Reports, like one from Rapid7 this week that highlight security issues trending the opposite way, are somewhat less common but likely useful to organizations for that very reason.
Rapid7 first quarterly threat intelligence report is based on its analysis of a representative sample of security incidents handled for customers of the company's managed detection and response service. One of the key findings from that analysis was that advanced persistent threat (APT)-centric threats were less common than the hype around such attacks would suggest. Rapid7's analysis showed that advanced persistent threats, many of which are state-sponsored, were a non-issue for a majority of organizations in the first quarter of this year.
The organizations most impacted by APT activity belonged to industries that aligned with nation-state interests such as government, manufacturing, and aerospace. APT attacks that Rapid7 found were targeted and rare, generally took longer to contain, and required more post-incident handling than other attacks. But not all organizations are targets, which is why security administrators need to have a good handle on their threat profile and pay attention to developments that might cause that profile to change.

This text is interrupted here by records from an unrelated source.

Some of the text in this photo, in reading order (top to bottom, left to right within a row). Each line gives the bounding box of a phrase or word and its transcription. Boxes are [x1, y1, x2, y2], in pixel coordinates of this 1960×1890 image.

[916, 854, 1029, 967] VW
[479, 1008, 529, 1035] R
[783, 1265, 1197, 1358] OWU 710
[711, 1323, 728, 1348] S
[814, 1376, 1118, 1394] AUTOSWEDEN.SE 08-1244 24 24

"Over the past year we saw targeted, sophisticated attacks at the same steady cadence," says Rebekah Brown, threat intelligence lead at Rapid7. But the attacks represented only a very small percentage of the overall threats that Rapid7 saw in its customers' environments, she says.
"We do see ebbs and flows of activity related to specific attacker groups, but the overall activity level is a low, consistent hum," she says.

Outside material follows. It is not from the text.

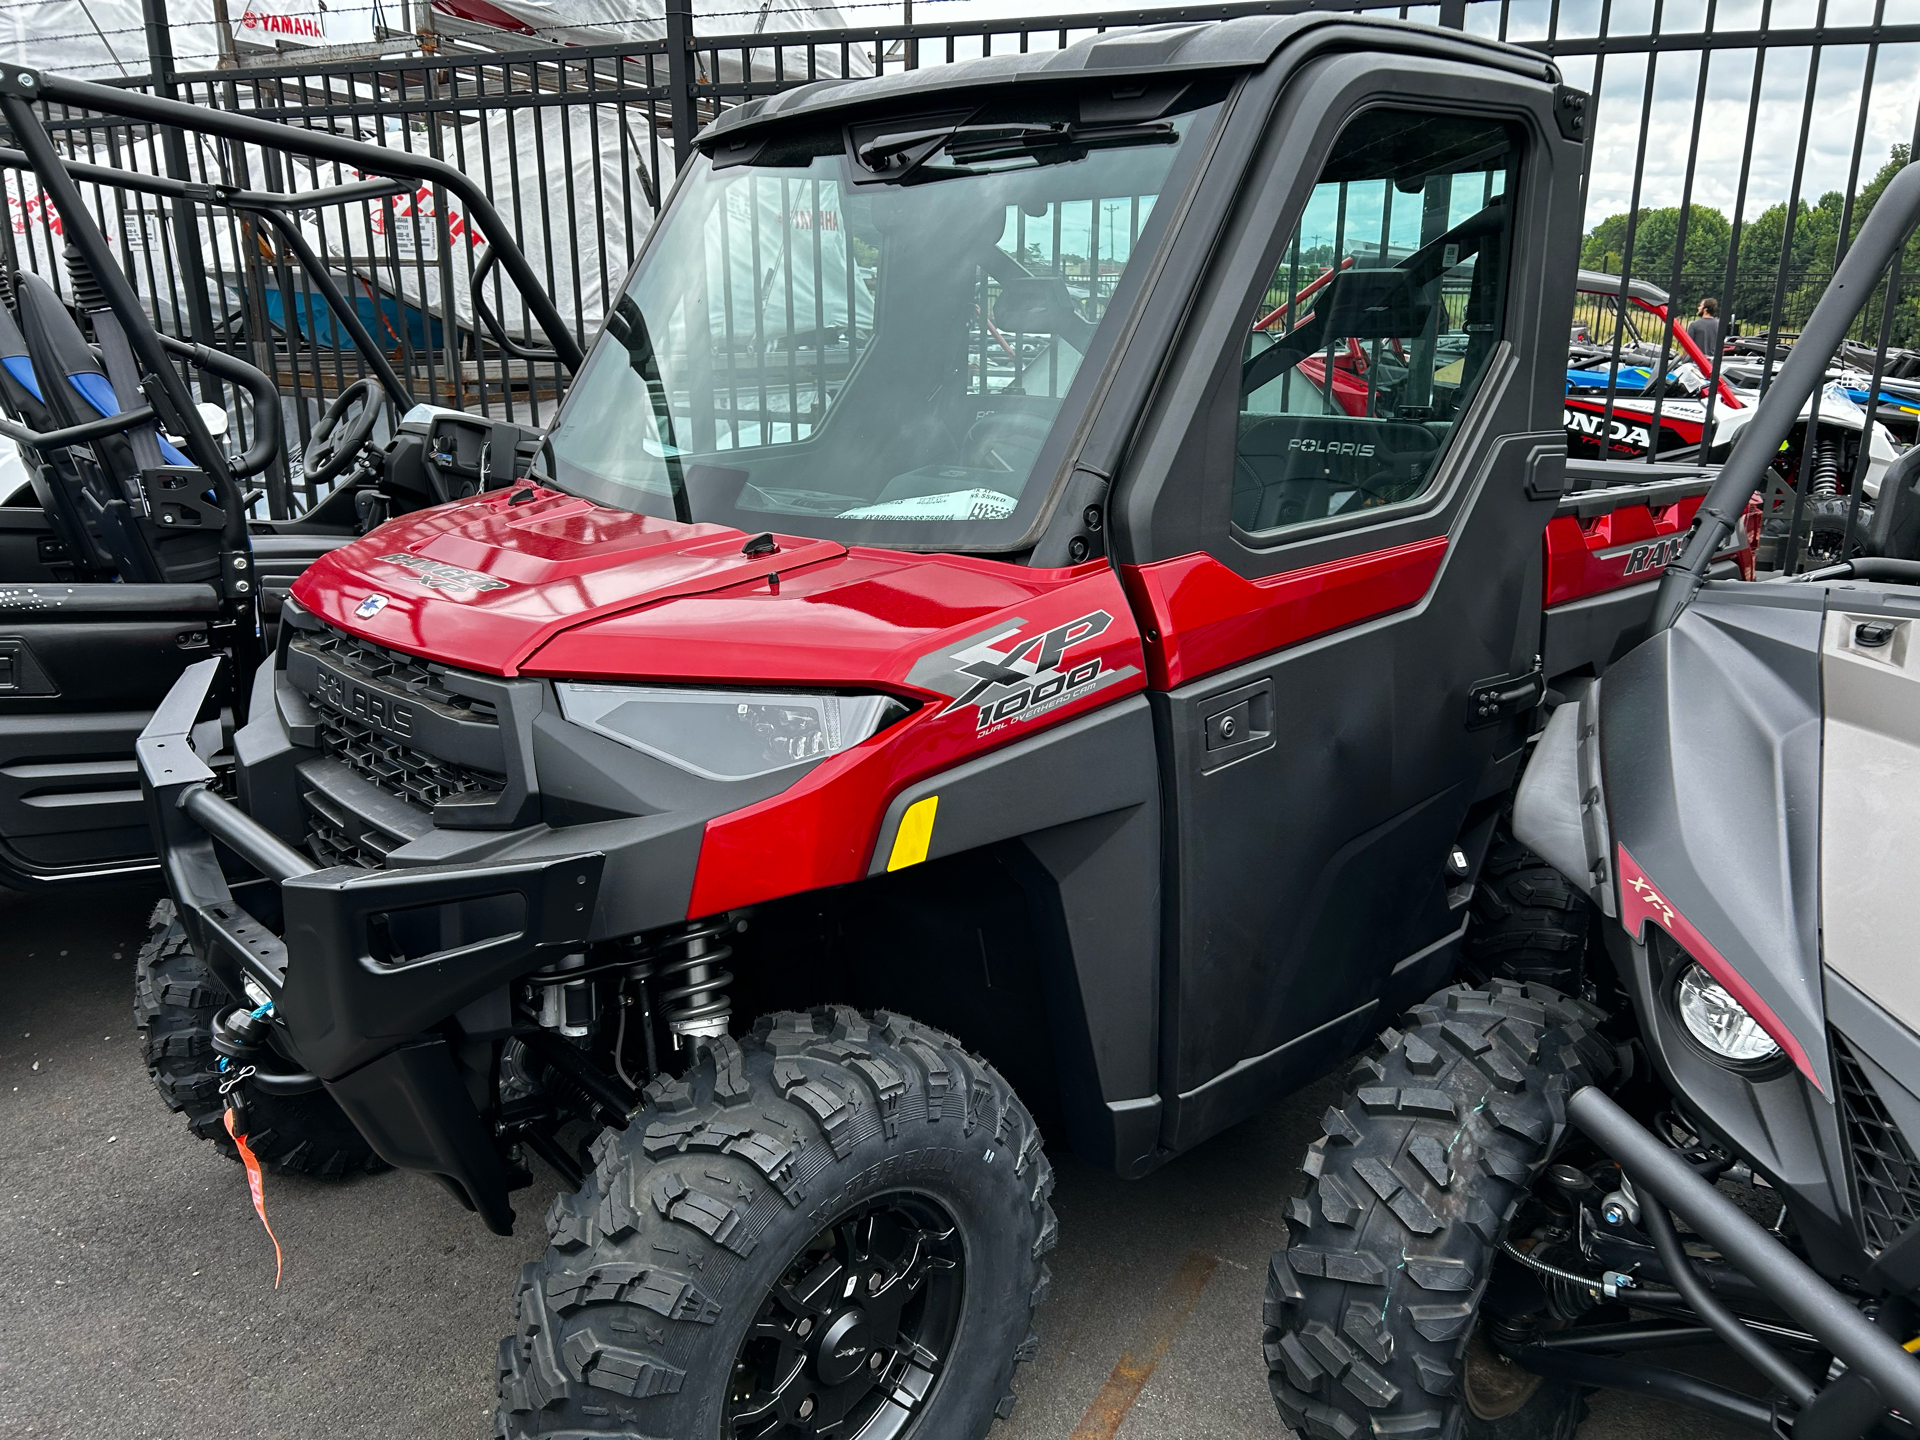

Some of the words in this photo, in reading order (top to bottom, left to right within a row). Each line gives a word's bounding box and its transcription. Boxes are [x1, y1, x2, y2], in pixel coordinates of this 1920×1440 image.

Another discovery that Rapid7 made from its analysis of Q1 incident data among its customers was a lower than expected number of security alerts that required human intervention.
A great deal has been made about the need for organizations to put measures in place for filtering out the noise caused by the massive volume of log and event data generated by security controls and network infrastructure components. Security analysts have long stressed the importance of having correlation rules that weed out false positives from log and event data while surfacing alerts on issues that really merit a closer look.
"Our assessment is that the numbers are lower because customers are being more selective on what they alert on, and therefore are seeing fewer false positives," Brown says. Another possibility is that organizations are learning from the alerts and finding ways to mitigate or prevent activities that caused the alerts, she says.
It is also always possible that threats are becoming more evasive in response to actions taken by organization. "However, if that was the case, we would not have expected to see a consistent level of alerts across the quarter," Brown says. "There would likely have been a sharp decline as attackers shifted tactics."
Rapid7's examination of the events that triggered alerts showed that most alerts were tied to known bad activity, such as malware or multiple concurrent logins from different regions around the world. The quality of the alerts depended on the kind of data that was available to the alerting system. Inputs that were based on what Rapid7 described as low-fidelity indicators tended to generate more noise than actionable information.
One key takeaway from Rapid7 research is that alert fatigue is very real, says Bob Rudis, chief data scientist at Rapid7. "[It] causes organizations to miss real events because they’re trying to consume a firehose of alerts without proper tools, processes or staffing," he says.
Enterprises need to align their threat models and include known incident, event, and breach parameters when designing rules for alerts that are actionable, Rudis says.